Saved entries
------------
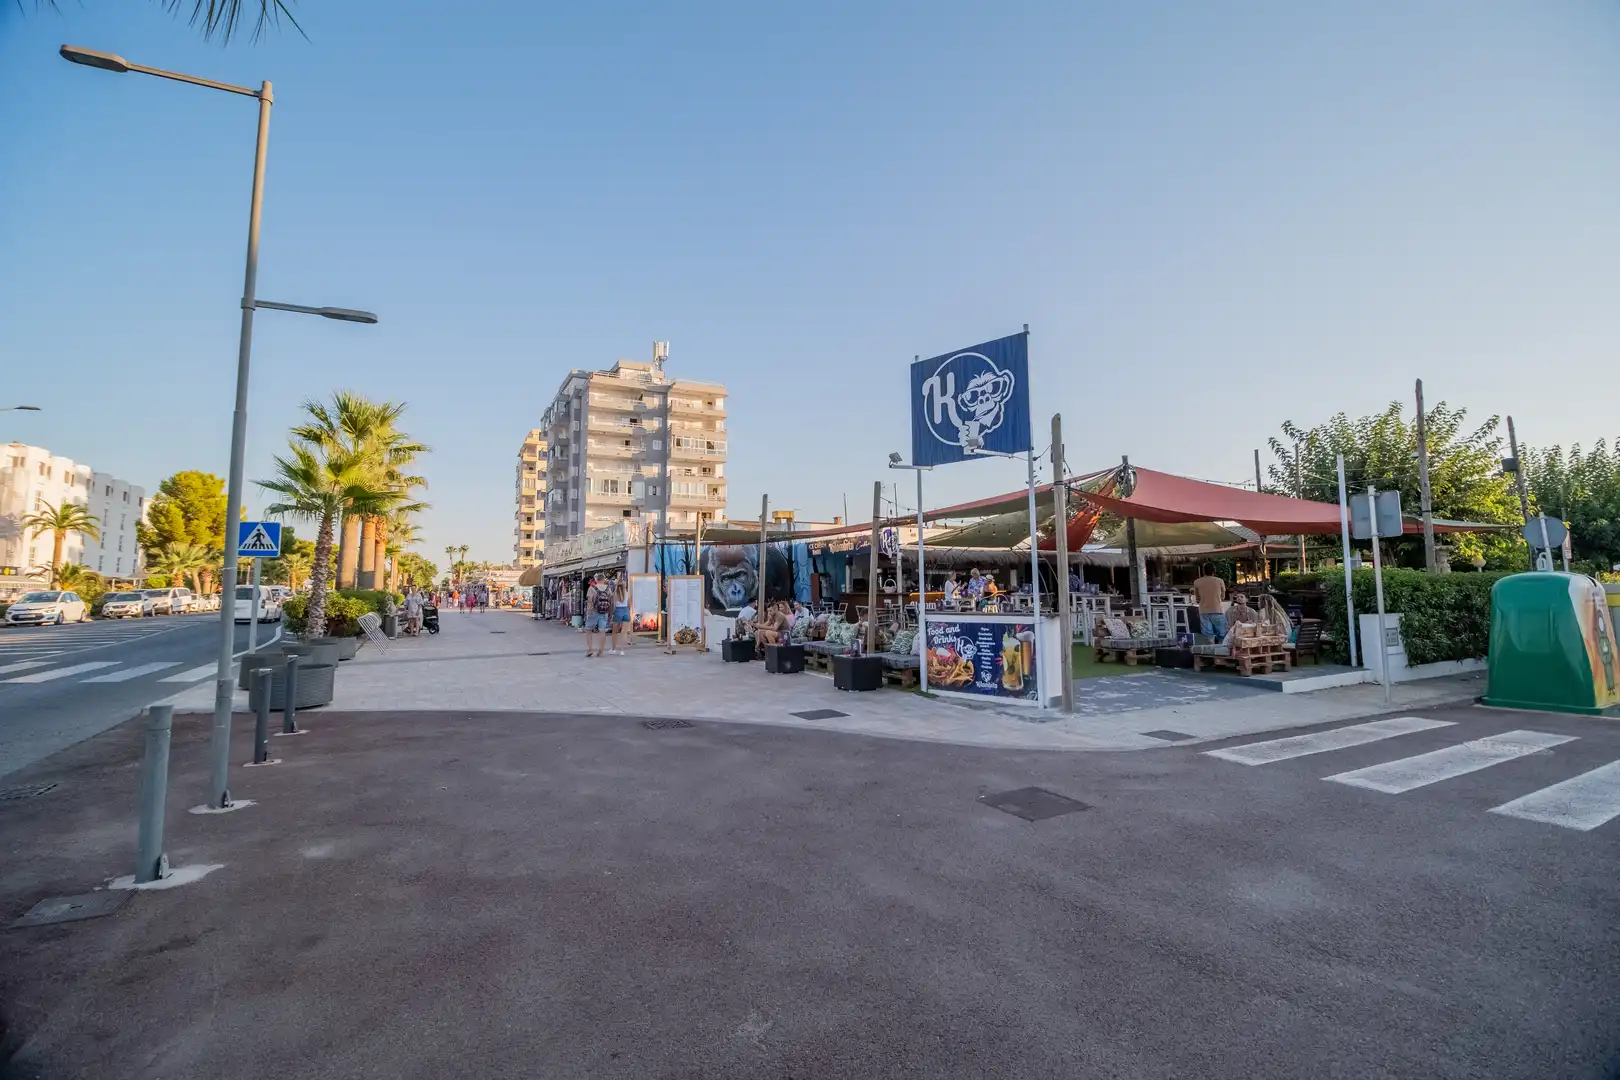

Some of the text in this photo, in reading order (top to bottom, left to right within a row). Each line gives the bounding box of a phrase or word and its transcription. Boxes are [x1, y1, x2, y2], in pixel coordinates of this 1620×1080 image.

[927, 624, 960, 636] Food and
[933, 635, 957, 644] Drinks
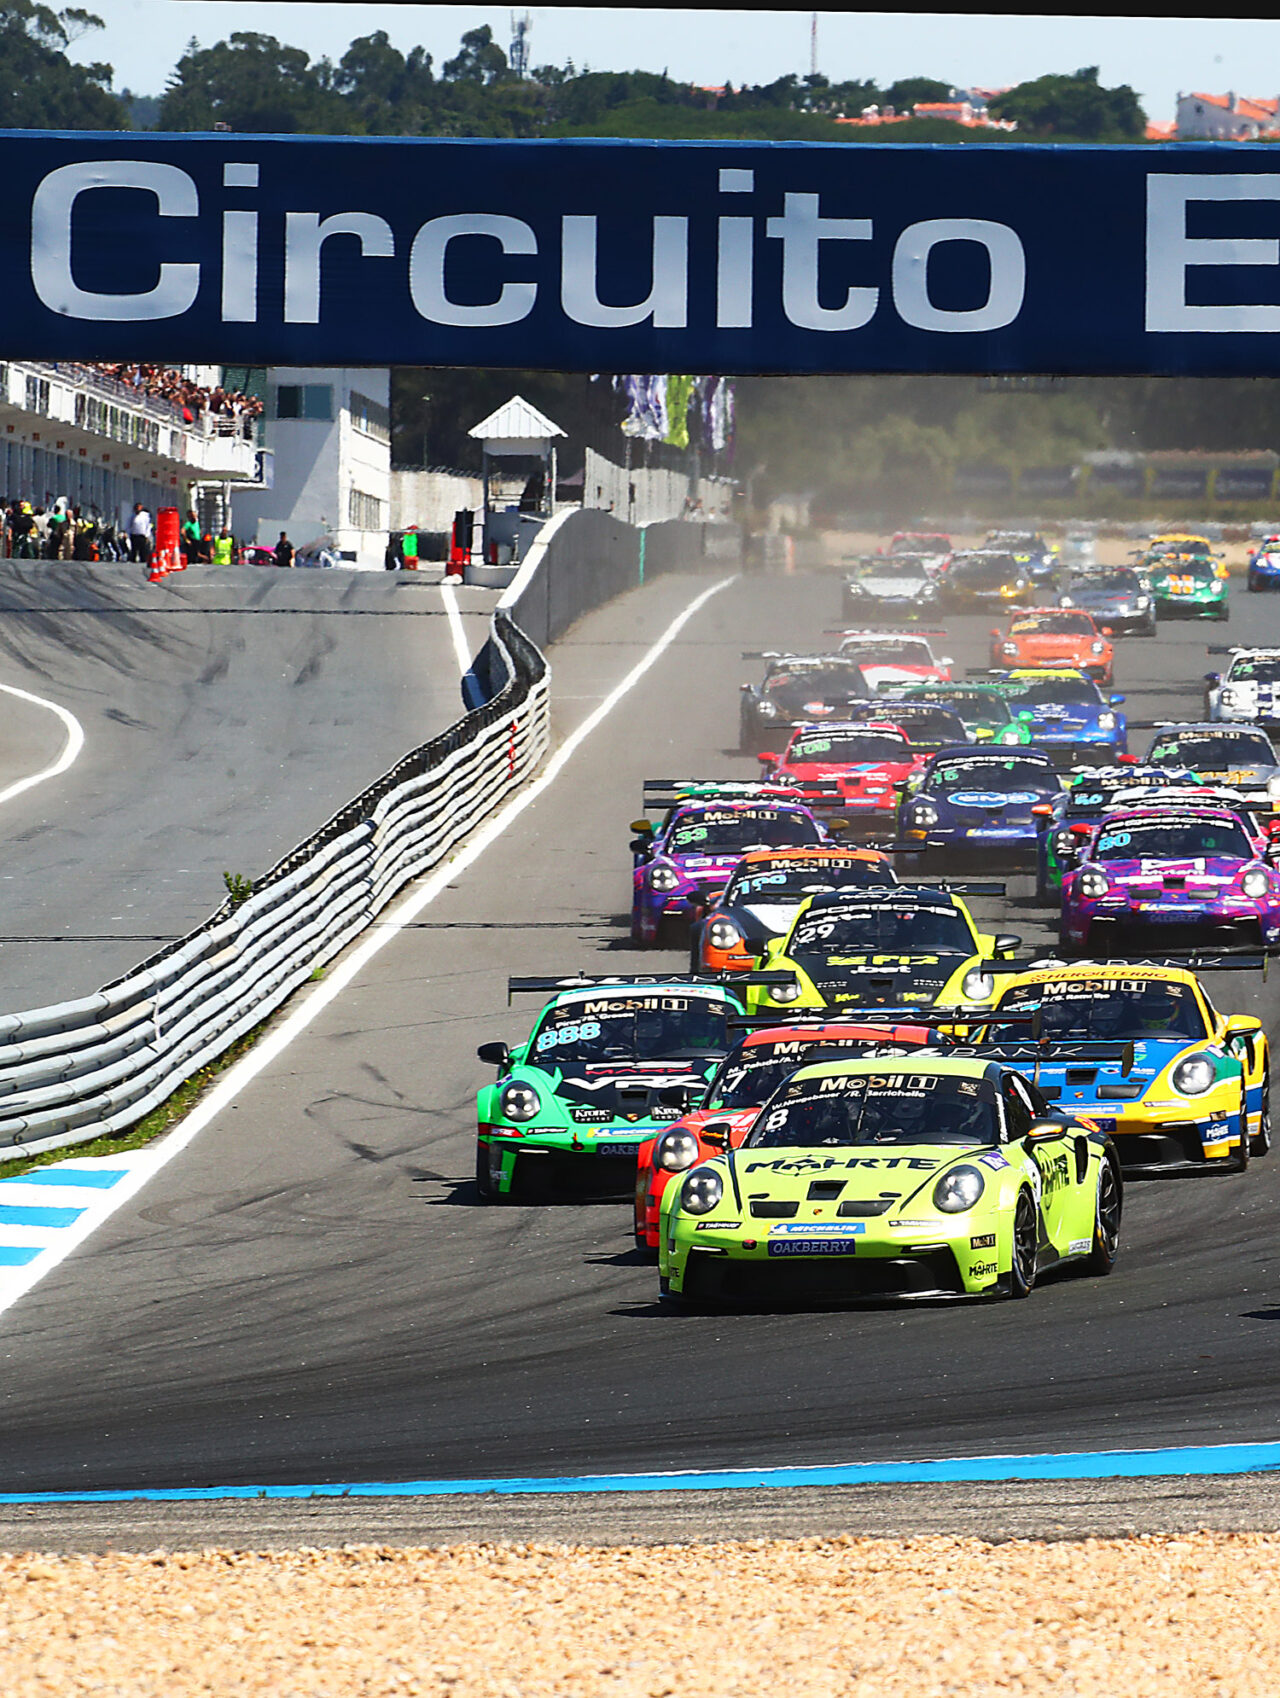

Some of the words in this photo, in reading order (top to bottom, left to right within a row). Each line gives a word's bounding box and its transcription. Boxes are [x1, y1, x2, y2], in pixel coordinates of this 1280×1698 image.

[31, 160, 1026, 332] Circuito
[704, 811, 757, 821] Mobil
[771, 859, 829, 869] Mobil
[806, 904, 958, 918] PORSCHE
[798, 924, 835, 944] 29
[1043, 979, 1117, 995] Mobil
[584, 998, 658, 1014] Mobil
[537, 1022, 601, 1052] 888
[722, 1070, 748, 1093] 7
[820, 1075, 903, 1091] Mobil
[766, 1109, 789, 1131] 8
[789, 1224, 858, 1233] MICHELIN
[773, 1241, 850, 1255] OAKBERRY
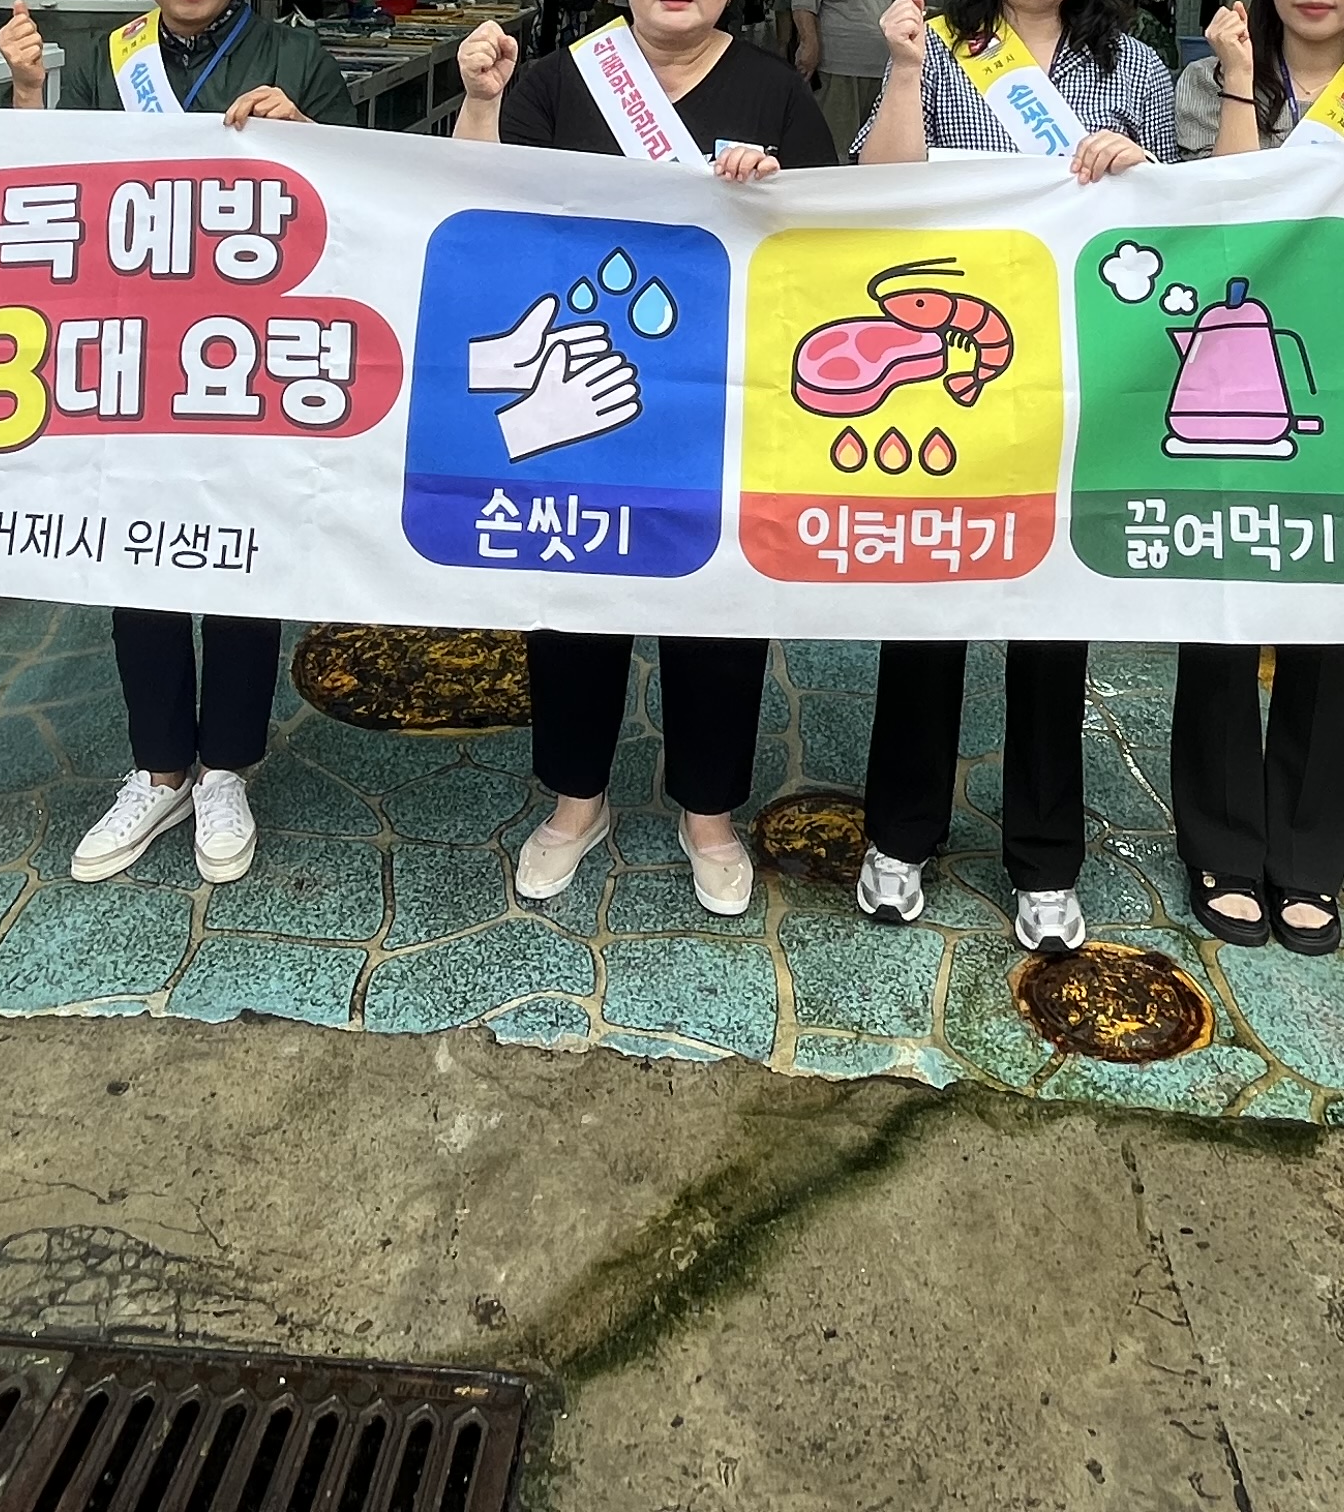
------------
### Task item
The answer must be an exact copy of the lines from the one with "Some of the words" through the final line above, both ends included, and nothing else; pictures stay out.

### Answer space
Some of the words in this photo, in reading order (top to bottom, left to right within a row). Each line gives a word's bounding box and its transcription. Boxes are [x1, y1, x2, y2], in pixel coordinates of this 1280×1698 image.

[31, 160, 1026, 332] Circuito
[704, 811, 757, 821] Mobil
[771, 859, 829, 869] Mobil
[806, 904, 958, 918] PORSCHE
[798, 924, 835, 944] 29
[1043, 979, 1117, 995] Mobil
[584, 998, 658, 1014] Mobil
[537, 1022, 601, 1052] 888
[722, 1070, 748, 1093] 7
[820, 1075, 903, 1091] Mobil
[766, 1109, 789, 1131] 8
[789, 1224, 858, 1233] MICHELIN
[773, 1241, 850, 1255] OAKBERRY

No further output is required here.